In the paper, I tend to explore student dropout behavior in Massive Open Online Courses.I use a case study of a recent Coursera course from that I tend to develop a survival model that allows us to measure the influence of factors extracted from that information on student dropout rate. Specifically I also explore factors related to student behavior and social positioning within discussion forums using standard social network analytic techniques.
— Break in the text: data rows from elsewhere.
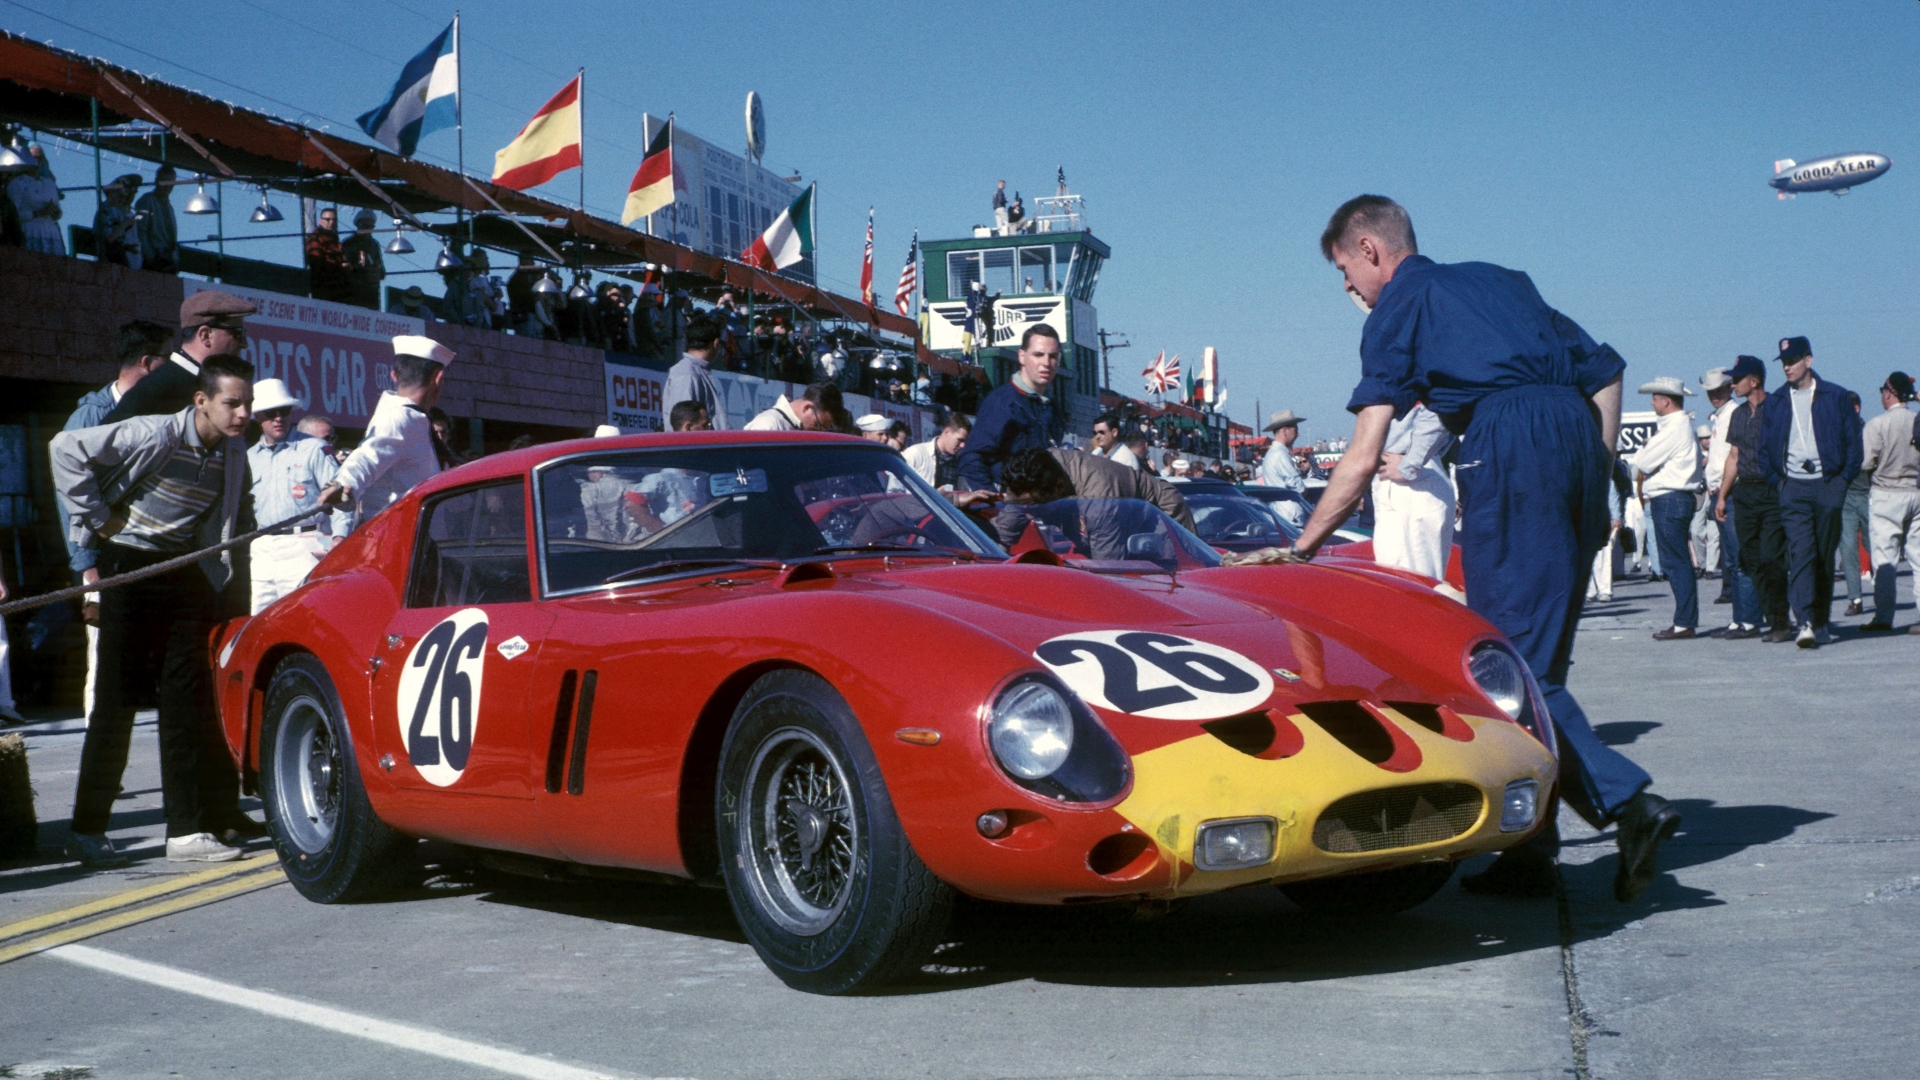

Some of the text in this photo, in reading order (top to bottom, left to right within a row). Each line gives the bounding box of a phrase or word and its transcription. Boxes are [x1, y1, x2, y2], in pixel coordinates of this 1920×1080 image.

[268, 300, 295, 320] SCENE
[298, 305, 318, 324] WITH
[320, 309, 371, 333] WORLD-WIDE
[997, 308, 1023, 326] UAR
[320, 347, 368, 416] CAR
[613, 374, 663, 412] COBR
[408, 619, 489, 772] 26
[1035, 632, 1260, 714] 26
These analysis reveals several significant predictors of dropout.
With the recent boom in development of instructional resources each in business and academe, large Open on-line Courses (MOOC) have speedily enraptured into an area of prominence within the media, in scholarly publications, and within the mind of the general public.
The hope is that this new surge of development can bring the vision of equitable access to long learning opportunities at intervals sensible reach. MOOCs supply several valuable learning experiences to students, from video lectures, readings, assignments and exams, to opportunities to attach and collaborate with alternatives through rib discussion forums and other internet two.
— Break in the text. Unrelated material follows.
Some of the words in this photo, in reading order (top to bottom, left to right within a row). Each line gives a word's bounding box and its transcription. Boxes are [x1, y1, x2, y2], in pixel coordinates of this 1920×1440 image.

0 technologies. Withal, despite all this potential, MOOCs have to date didn’t turn out proof that this potential is being realized within the current mental representation of MOOCs. Of specific concern is that the very high rates of attrition that are rumored for this initial generation of MOOCs.
One vital hurdle that stops MOOCs from reaching their transformative potential is that they fail to supply the type of social setting that’s tributary to sustained engagement and learning, particularly as students arrive in waves to those on-line learning communities. The distinctive biological process history of MOOCs creates challenges that need insight into the inner-workings of large scale social interaction so as to fulfill. specifically, instead of evolving step by step as higher understood types of on-line communities, MOOCs originate nightlong then expand in waves as new cohorts of scholars arrive from week to week to start the course. As large communities of strangers that lack shared practices that will change them to create confirmatory bonds of interaction, these communities grow in unruly manner.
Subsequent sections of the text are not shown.